J'ai été mal à l'aise de la révélation de ce qu'il y a sous la montagne, aussi. J'avais cette impression de plongée en science-fiction. Si c'était le but de Pierre Grimbert eh bien, ma foi, c'est réussi !

La première partie de l'épilogue a un côté très cynique, rattrapé par la seconde, que j'ai bien aimée, où des couples sont confirmés même si dans tout le roman les rapprochements étaient discrets (je mentionne ça parce que… je suis fleur bleue, que voulez-vous !).

J'ai été rassurée de la fin, aussi, d'ailleurs. Pierre Grimbert avait dit dans une interview que vu le nombre de héros au début (quarante-et-un !) ils n'allaient pas tous survivre. Je prévoyais déjà de perdre les chouchous et de me vider de mes larmes sur les pages mais fort heureusement les morts sont plutôt parmi les héros secondaires. Je dois dire que ça m'a plutôt plu/rassurée/convenu parce que je n'imaginais pas Pierre Grmbert, qui de ce que j'ai lu de lui a plutôt tendance à faire des histoires avec de l'espoir et du bonheur, tuer les préférés ou du moins ceux sur l'épaule desquels on s'était penchés le plus.

J'ai lu une critique sur Babelio qui mettait la foi comme l'un des messages de ce livre : je trouve au contraire que la religion en prend pour son grade, notamment dans la conversation de la mage avec Kamandra, et à la fin, avec Jio, quand ils sont presque arrivés au palais des dieux.

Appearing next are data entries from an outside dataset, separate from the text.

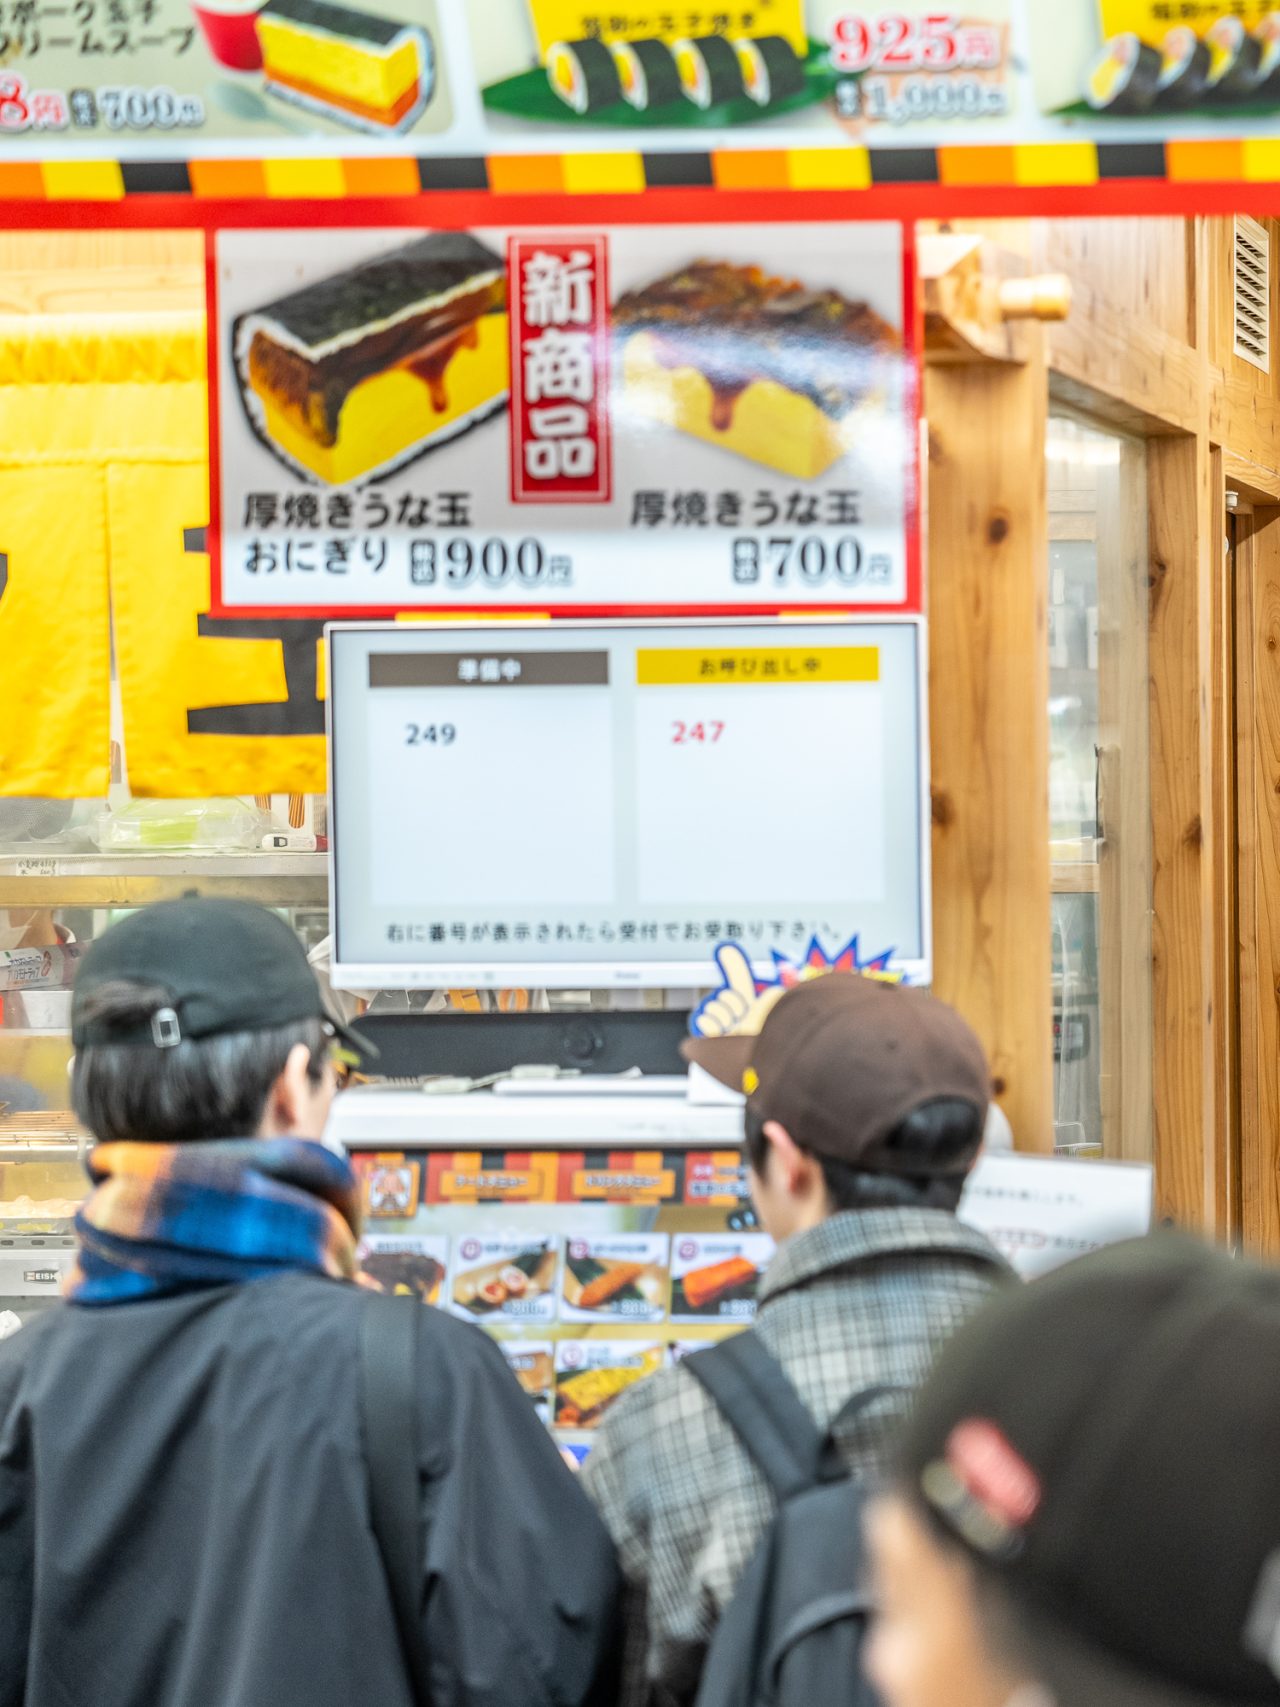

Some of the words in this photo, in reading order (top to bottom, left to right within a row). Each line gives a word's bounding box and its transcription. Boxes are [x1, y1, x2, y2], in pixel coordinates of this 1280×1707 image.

[524, 251, 595, 479] 新商品
[244, 492, 473, 529] 厚焼きうな玉
[630, 490, 863, 528] 厚焼きうな玉
[246, 536, 388, 574] おにぎり
[445, 537, 574, 588] 900円
[767, 536, 893, 587] 700円
[457, 658, 522, 682] 準備中
[698, 657, 822, 677] お呼び出し中
[405, 722, 457, 746] 249
[671, 719, 727, 744] 247

J'ai aimé toute ma lecture jusqu'à la fin, le rythme du voyage dans la montagne et des péripéties est bon, le choix des points de vue aussi. J'ai par contre regretté que certaines blessures soient oubliées. Je pense notamment à Dukern, blessé à l'aine, qui parvient quand même à marcher et à grimper alors que son baudrier aurait dû le gêner. Même dans le chapitre sous son point de vue où il dit se sentir fatigué, il n'est pas fait mention de la gêne, voire la douleur, que cette blessure peut causer. J'ai trouvé dommage que la fatigue et la douleur, ce que les corps enduraient, ne soit pas un peu davantage traité. C'est dit plein de fois, qu'ils mangent et dorment peu, mais on ne le voit pas vraiment (sauf si on considère que ne jamais les voir endormis montre justement qu'ils ne dorment pas :P), voire on fait disparaître une blessure comme celle de Dukern. C'est dommage.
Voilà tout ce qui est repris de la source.